Problem to solve> Starting at the line that contains "this 1066×1600 image.", repeat each line exactly until the records end, keeping both the first and the last.

Collected data entries
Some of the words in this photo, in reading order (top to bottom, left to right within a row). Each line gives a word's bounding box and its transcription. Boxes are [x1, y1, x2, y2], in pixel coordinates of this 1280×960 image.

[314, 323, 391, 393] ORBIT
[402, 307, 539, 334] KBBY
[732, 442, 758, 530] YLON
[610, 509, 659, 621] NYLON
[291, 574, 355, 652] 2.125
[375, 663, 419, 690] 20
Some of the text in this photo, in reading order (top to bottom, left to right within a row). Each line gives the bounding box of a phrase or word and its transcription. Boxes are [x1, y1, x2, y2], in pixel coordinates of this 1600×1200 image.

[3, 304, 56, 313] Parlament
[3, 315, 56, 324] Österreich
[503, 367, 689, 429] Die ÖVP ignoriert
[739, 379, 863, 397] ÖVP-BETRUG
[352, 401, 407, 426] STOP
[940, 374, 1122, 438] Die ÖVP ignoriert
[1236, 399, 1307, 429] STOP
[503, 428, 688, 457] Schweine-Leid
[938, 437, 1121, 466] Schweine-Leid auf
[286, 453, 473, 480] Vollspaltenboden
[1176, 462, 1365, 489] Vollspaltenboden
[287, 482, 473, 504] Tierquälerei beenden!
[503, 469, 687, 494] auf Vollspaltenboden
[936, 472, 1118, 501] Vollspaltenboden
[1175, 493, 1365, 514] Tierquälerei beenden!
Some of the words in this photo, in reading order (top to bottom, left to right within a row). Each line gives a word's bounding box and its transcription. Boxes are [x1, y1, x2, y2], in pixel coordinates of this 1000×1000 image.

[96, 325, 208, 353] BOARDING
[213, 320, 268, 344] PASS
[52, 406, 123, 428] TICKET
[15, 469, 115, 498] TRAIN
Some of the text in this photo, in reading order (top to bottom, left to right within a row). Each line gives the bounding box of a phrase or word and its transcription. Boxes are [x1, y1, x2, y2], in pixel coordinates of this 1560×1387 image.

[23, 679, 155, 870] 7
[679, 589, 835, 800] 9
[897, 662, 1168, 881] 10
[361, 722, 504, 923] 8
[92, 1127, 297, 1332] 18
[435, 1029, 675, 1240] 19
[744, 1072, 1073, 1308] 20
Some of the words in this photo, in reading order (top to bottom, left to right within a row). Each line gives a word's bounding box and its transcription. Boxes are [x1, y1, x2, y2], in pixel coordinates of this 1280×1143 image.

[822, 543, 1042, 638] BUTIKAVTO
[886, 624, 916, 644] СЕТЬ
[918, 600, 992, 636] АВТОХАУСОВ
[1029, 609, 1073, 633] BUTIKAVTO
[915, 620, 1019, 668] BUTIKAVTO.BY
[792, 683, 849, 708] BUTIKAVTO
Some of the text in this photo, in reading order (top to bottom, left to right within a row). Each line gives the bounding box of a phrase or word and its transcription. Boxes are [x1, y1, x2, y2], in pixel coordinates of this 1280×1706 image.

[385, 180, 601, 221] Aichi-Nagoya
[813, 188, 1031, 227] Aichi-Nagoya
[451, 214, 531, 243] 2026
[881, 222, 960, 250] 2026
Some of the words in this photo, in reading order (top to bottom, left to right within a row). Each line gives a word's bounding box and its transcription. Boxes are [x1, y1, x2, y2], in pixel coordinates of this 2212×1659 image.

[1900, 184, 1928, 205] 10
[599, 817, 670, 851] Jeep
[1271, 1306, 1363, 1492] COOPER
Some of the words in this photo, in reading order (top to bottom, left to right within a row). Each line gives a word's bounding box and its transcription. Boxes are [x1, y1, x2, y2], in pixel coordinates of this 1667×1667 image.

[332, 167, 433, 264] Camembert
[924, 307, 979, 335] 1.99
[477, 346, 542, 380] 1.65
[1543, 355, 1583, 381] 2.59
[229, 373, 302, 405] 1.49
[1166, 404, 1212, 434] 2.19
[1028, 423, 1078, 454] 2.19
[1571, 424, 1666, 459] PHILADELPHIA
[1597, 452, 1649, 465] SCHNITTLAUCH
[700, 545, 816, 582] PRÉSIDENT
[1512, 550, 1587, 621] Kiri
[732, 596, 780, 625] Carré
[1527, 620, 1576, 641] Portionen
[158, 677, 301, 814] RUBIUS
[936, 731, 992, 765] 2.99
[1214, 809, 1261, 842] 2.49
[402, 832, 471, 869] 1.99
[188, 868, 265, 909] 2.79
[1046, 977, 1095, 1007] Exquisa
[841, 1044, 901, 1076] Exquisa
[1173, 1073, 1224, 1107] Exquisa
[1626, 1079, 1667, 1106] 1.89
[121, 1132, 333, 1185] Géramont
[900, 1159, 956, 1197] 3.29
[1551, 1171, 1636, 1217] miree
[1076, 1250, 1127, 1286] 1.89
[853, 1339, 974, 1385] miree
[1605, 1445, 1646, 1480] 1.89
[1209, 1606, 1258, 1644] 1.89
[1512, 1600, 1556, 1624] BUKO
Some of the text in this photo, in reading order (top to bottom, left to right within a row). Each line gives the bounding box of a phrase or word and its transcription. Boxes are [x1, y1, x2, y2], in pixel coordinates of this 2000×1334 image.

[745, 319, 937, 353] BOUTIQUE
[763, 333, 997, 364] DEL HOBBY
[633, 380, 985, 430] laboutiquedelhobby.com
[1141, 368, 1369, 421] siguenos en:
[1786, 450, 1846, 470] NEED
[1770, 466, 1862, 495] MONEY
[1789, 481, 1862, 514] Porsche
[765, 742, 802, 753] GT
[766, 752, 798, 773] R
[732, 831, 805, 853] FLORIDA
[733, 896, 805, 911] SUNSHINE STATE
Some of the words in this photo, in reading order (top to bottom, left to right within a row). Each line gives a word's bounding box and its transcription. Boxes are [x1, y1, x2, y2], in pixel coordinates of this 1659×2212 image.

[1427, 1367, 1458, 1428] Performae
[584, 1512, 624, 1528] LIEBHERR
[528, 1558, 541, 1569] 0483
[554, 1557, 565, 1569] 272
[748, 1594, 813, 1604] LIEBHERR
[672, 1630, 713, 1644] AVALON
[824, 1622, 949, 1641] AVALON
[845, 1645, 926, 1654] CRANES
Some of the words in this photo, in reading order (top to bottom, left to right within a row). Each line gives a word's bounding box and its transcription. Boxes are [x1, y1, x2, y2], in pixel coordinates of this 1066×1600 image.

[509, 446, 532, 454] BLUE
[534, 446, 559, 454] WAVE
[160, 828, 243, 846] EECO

Solution>
Some of the words in this photo, in reading order (top to bottom, left to right within a row). Each line gives a word's bounding box and its transcription. Boxes are [x1, y1, x2, y2], in pixel coordinates of this 1066×1600 image.

[509, 446, 532, 454] BLUE
[534, 446, 559, 454] WAVE
[160, 828, 243, 846] EECO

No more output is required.